Information contained in this publication is intended for informational purposes only and does not constitute legal advice or opinion, nor is it a substitute for the professional judgment of an attorney.
In Shin v. University of Maryland Medical System System Corporation (pdf), the U.S. Court of Appeals for the Fourth Circuit concluded that a hospital was not required to provide a reduced patient load and “light duty” to an intern with cognitive impairments who repeatedly demonstrated serious patient care deficiencies.
Dr. Frank Shin, the plaintiff in the case, was employed as a first year medical intern at the University of Maryland Medical System (UMMSC). Medical interns at UMMSC were rated on a nine-point competency scale. Although four to six points was deemed satisfactory, interns generally scored between 7.1 and 7.5 by the end of their first year, and interns with scores of five or below were addressed by the Clinical Competency Committee.
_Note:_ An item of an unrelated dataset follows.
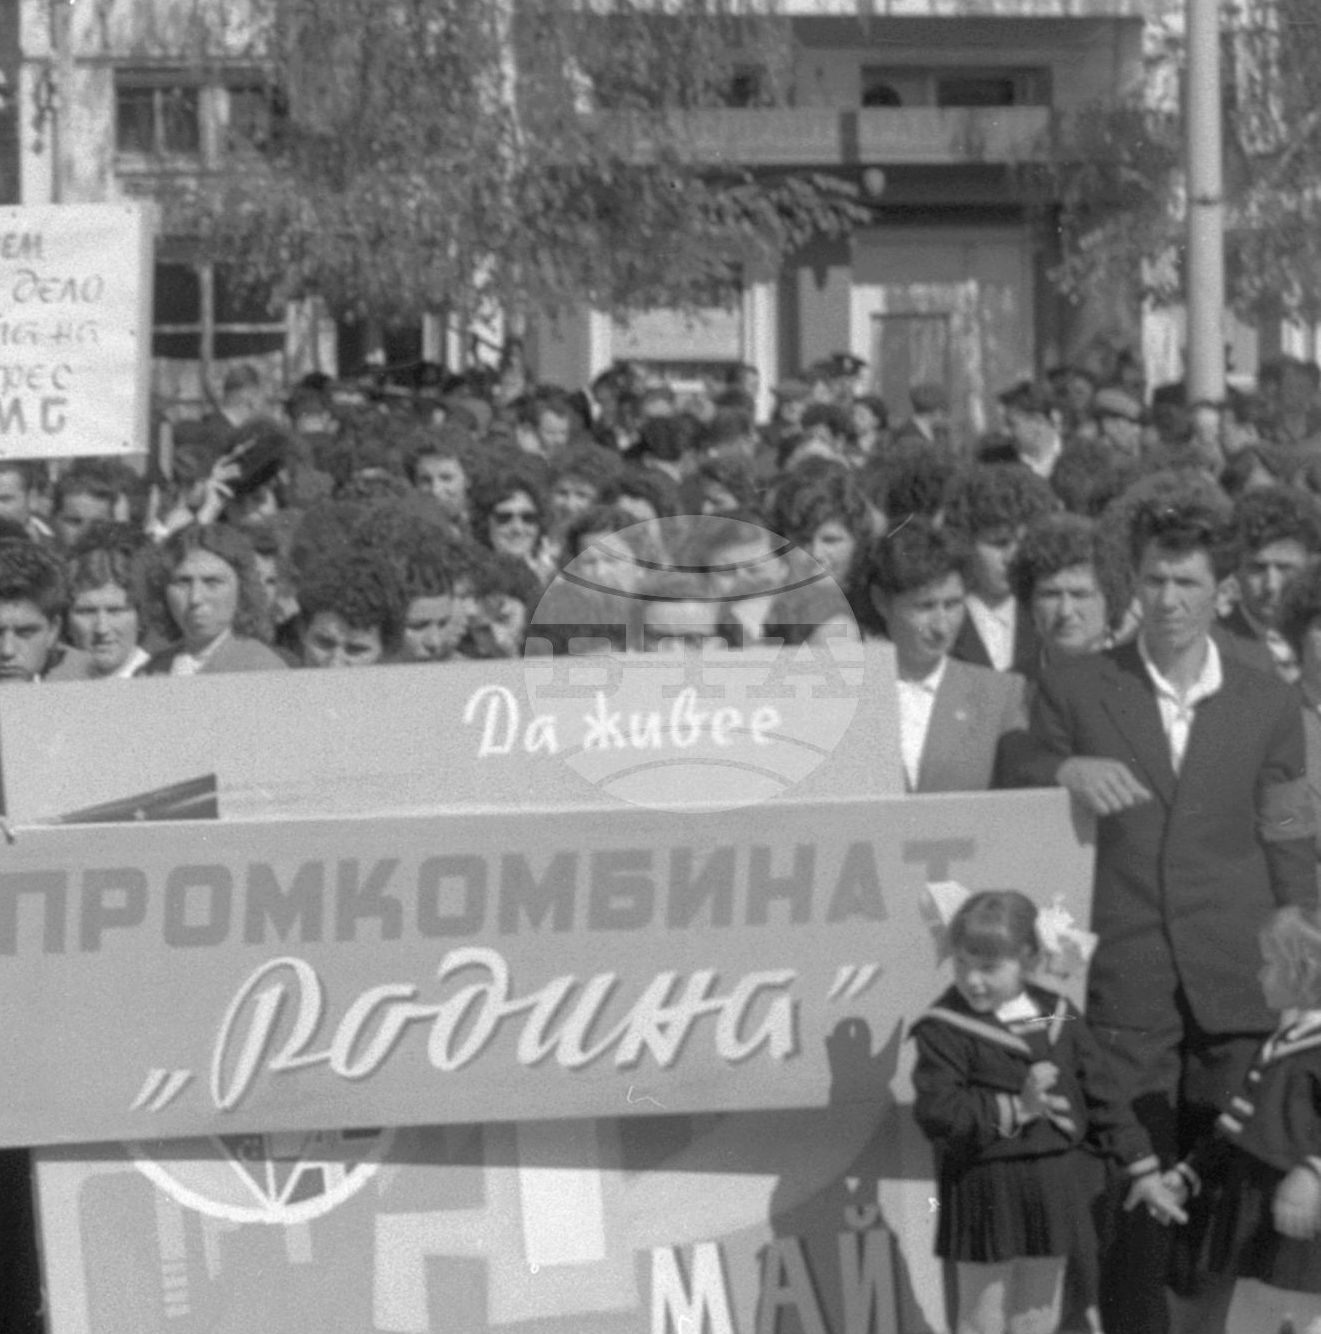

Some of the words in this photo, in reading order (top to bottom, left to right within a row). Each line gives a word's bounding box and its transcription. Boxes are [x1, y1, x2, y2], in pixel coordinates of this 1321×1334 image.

[11, 268, 105, 306] дело
[463, 684, 559, 758] Да
[582, 687, 785, 750] живее
Dr. Shin’s competency rating was satisfactory in the first month of his internship, but within three months, his overall competency rating was 3 and he had to be "shadowed heavily" by resident physicians to prevent medical errors. Despite additional guidance and an action plan, Dr. Shin’s patient care continued to deteriorate. His errors included misdiagnosing patients, prescribing incorrect medications, failing to follow the orders of residents or attending physicians, and even documenting a living patient as "deceased." One of his supervising physicians stated that Dr. Shin "was dangerous and should no longer be allowed to continue in a direct patient care role."
Dr. Shin's work duties were reduced, his patient care load was limited to three patients, and he was provided a tutor. Despite these accommodations, Dr. Shin’s performance did not improve. Dr. Shin consulted several mental health professionals, all of whom concluded that he suffered from conditions that impaired his cognitive functions. The hospital placed Dr. Shin on a leave of absence while he obtained medical treatment, including medication and behavioral coaching. Dr. Shin’s condition did not improve, however, and ten months into the internship, Dr. Shin’s physician concluded that although he had reached maximum medical improvement, he was unfit to work as a medical intern.
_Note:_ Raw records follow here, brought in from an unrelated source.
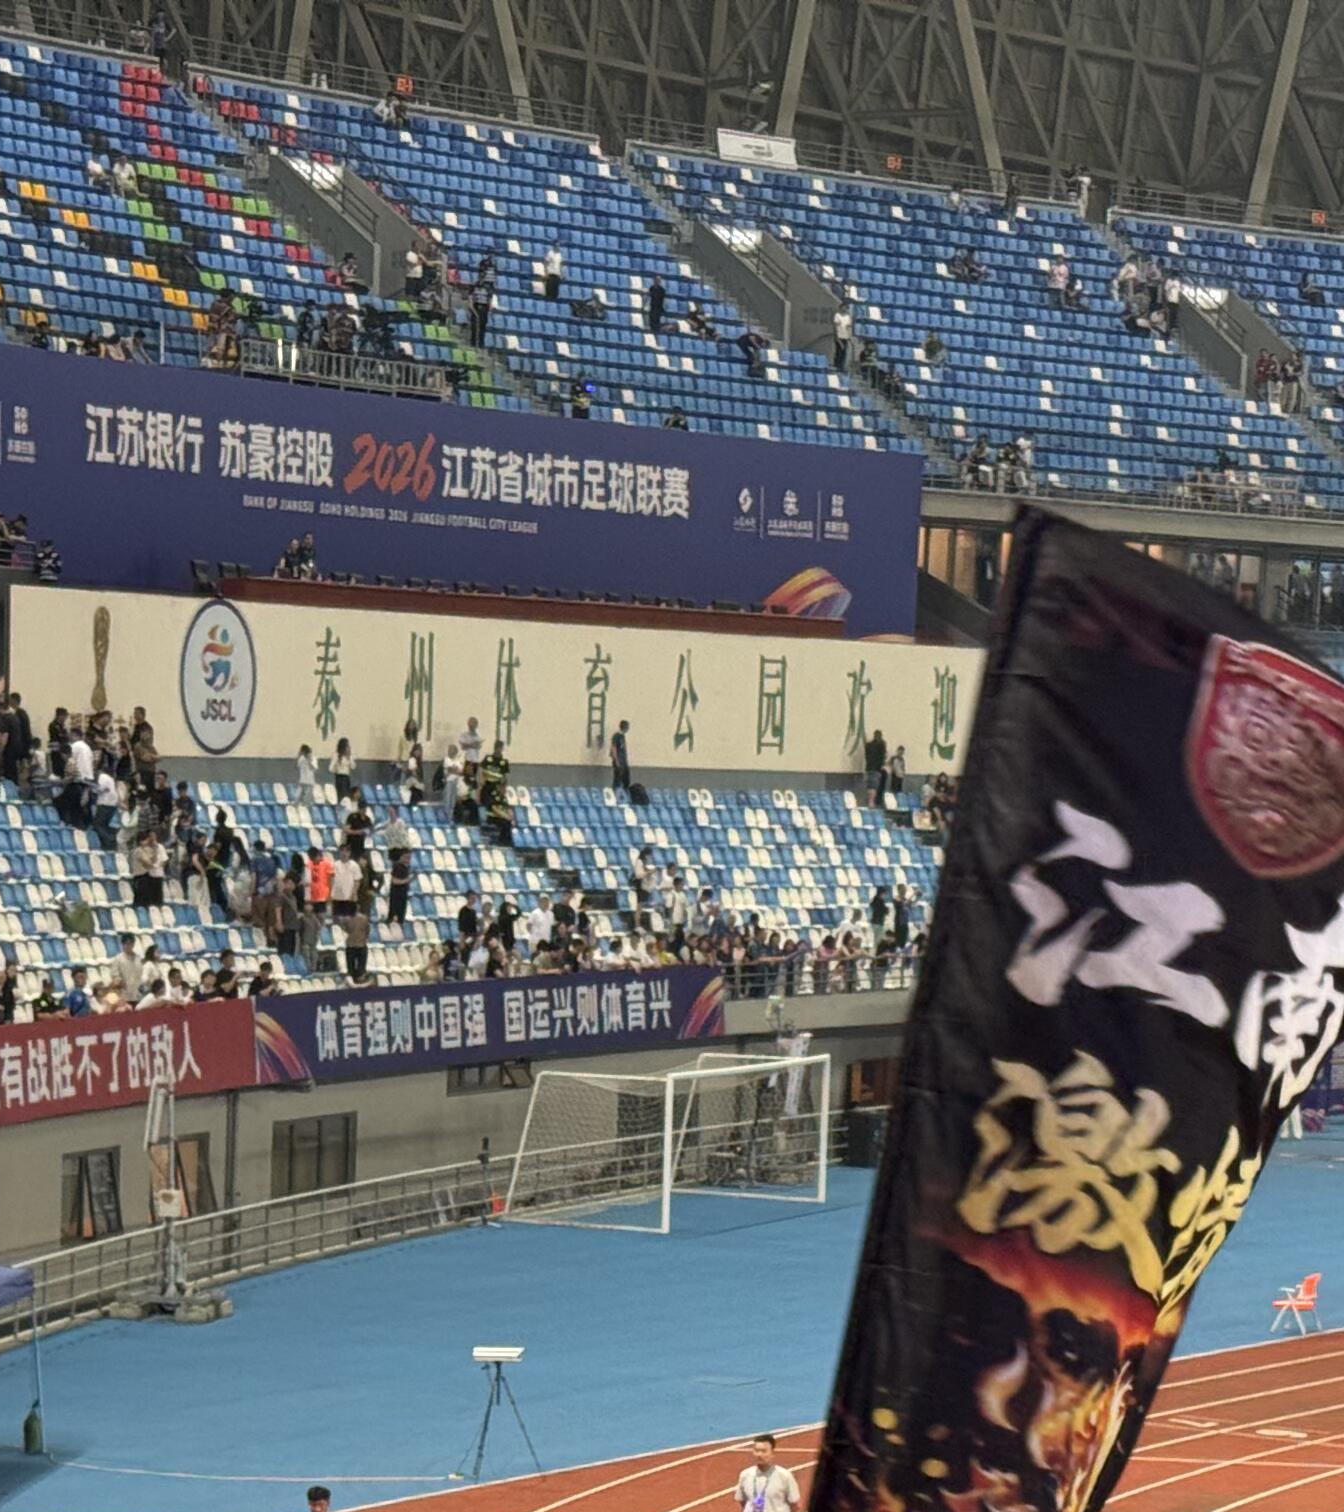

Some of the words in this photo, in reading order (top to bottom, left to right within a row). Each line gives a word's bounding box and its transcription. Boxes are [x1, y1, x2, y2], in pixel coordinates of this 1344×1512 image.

[85, 403, 202, 473] 江苏银行
[218, 420, 333, 487] 苏豪控股
[343, 432, 436, 500] 2026
[441, 444, 690, 519] 江苏省城市足球联赛
[200, 699, 236, 722] JSCL
[316, 993, 487, 1062] 体育强则中国强
[504, 979, 672, 1042] 国运兴则体育兴
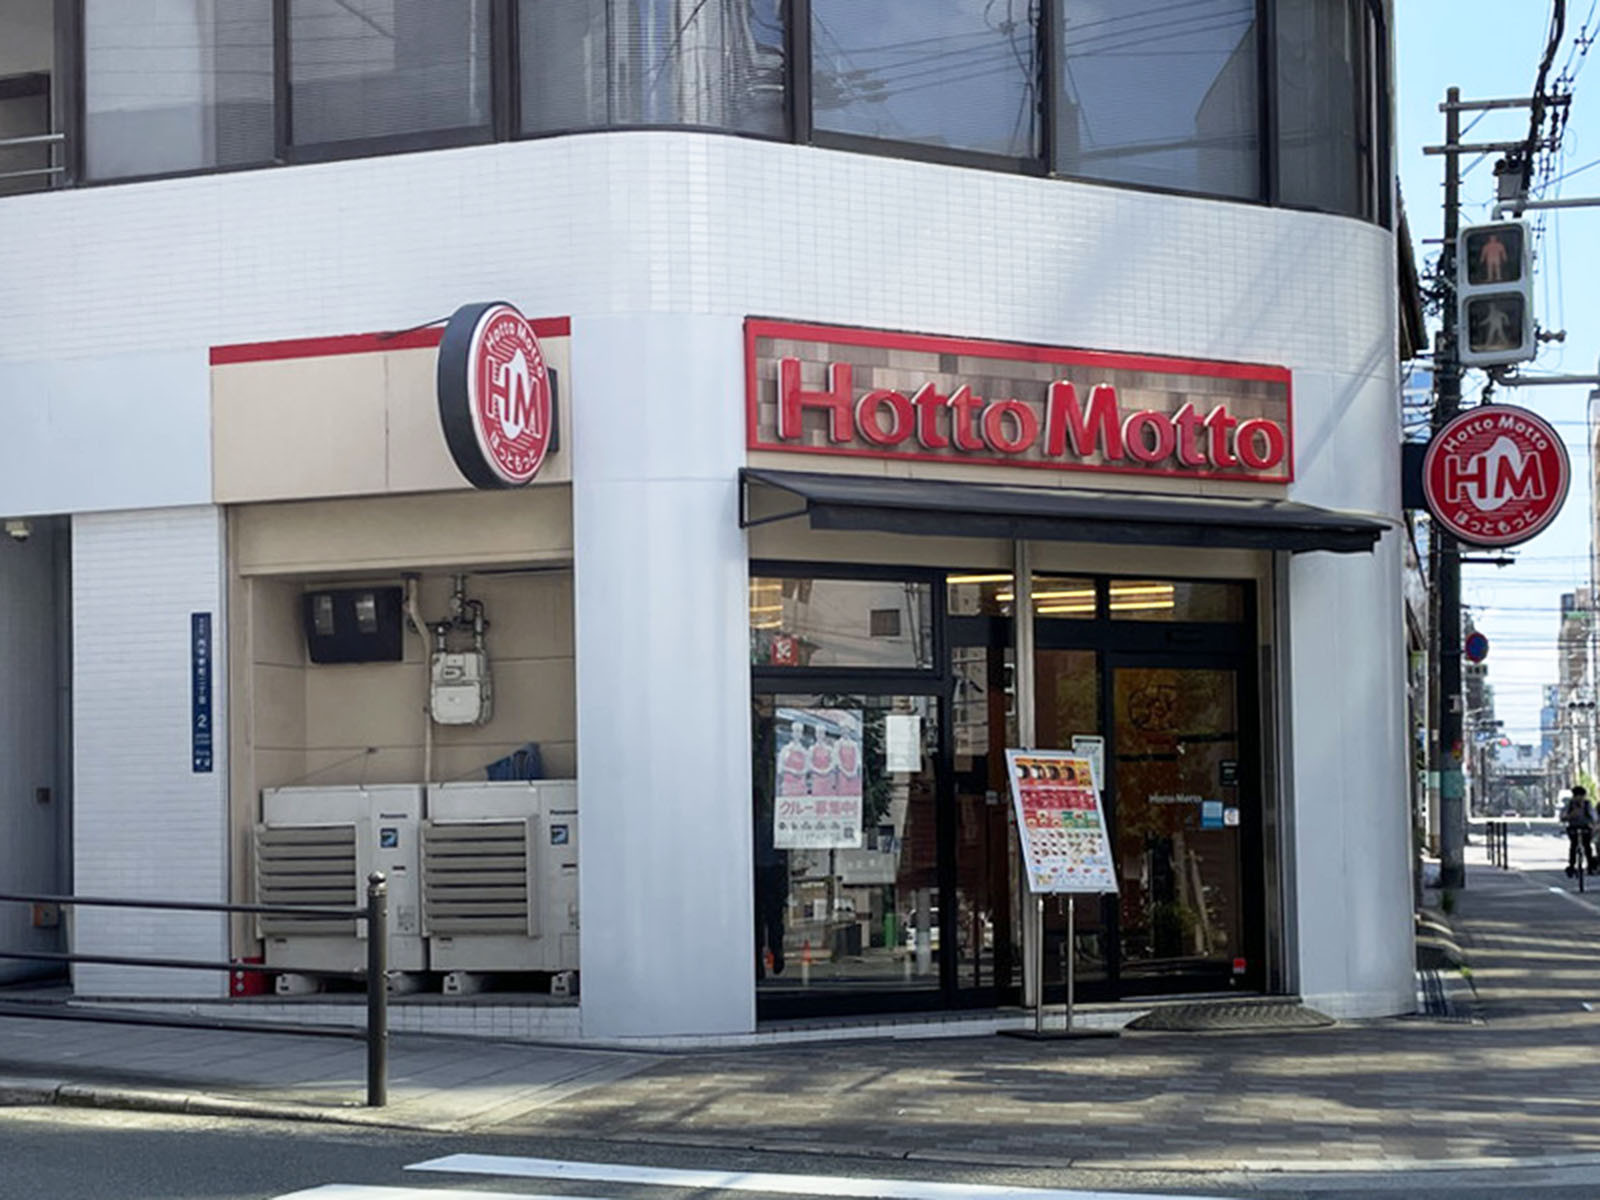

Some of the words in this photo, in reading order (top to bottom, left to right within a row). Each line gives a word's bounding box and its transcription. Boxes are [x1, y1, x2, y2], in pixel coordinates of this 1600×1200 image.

[486, 321, 515, 350] Hotto
[516, 322, 544, 378] Motto
[777, 357, 1038, 455] Hotto
[1044, 379, 1285, 469] Motto
[1442, 418, 1493, 454] Hotto
[1498, 415, 1548, 450] Motto
[1453, 509, 1538, 535] ほっともっと
[197, 713, 207, 729] 2
Before being terminated, Dr. Shin requested additional accommodations: 1) fewer patients; 2) additional time to absorb information; and 3) “a more compassionate environment.” The hospital rejected these requests, noting that if Dr. Shin’s patient load were further reduced, he would not work at the level required by the Accreditation Council for Graduate Medical Education (ACGME). It also pointed out that providing more time to absorb information would not adequately train Dr. Shin in the skills required to become a physician, and that many of Dr. Shin’s colleagues and hospital administrators had already provided him with assistance. Under the circumstances, the hospital concluded that termination was warranted.
In his lawsuit Dr. Shin claimed wrongful termination under the ADA, and failure to provide reasonable accommodation. The Fourth Circuit and the district court agreed that the essential functions of an intern’s position were to provide “competent medical care to patients with efficiency and with reasonable autonomy," and “safe and appropriate care for patients.” Reviewing the evidence, the Fourth Circuit concluded that Dr. Shin had not performed these essential job functions at UMMSC, even with the accommodations the hospital had provided. Even more significantly, the court held that the additional accommodations Dr. Shin requested were unreasonable under the circumstances. Relying on the hospital’s expert, the Fourth Circuit concluded that further reducing his patient load was “not reasonable, in that it could not be offered without seriously compromising the functions of the hospital, the needs of the staff, and patient safety.” Moreover, Dr. Shin’s requested accommodations directly conflicted with the goals of clinical training “to develop the clinical judgment essential to being a physician ... including simultaneously managing multiple patient care situations and dealing with ambiguity.”
With many hospitals, medical practice groups, clinics and individual physicians moving toward employed-physician models, it is important for employers of physicians to understand that employment law principles apply to physician management even where critical patient care decisions are at issue. Although the courts sustained the position of UMMSC, the hospital’s case was clearly strengthened by the documented accommodations it considered and implemented before terminating the plaintiff.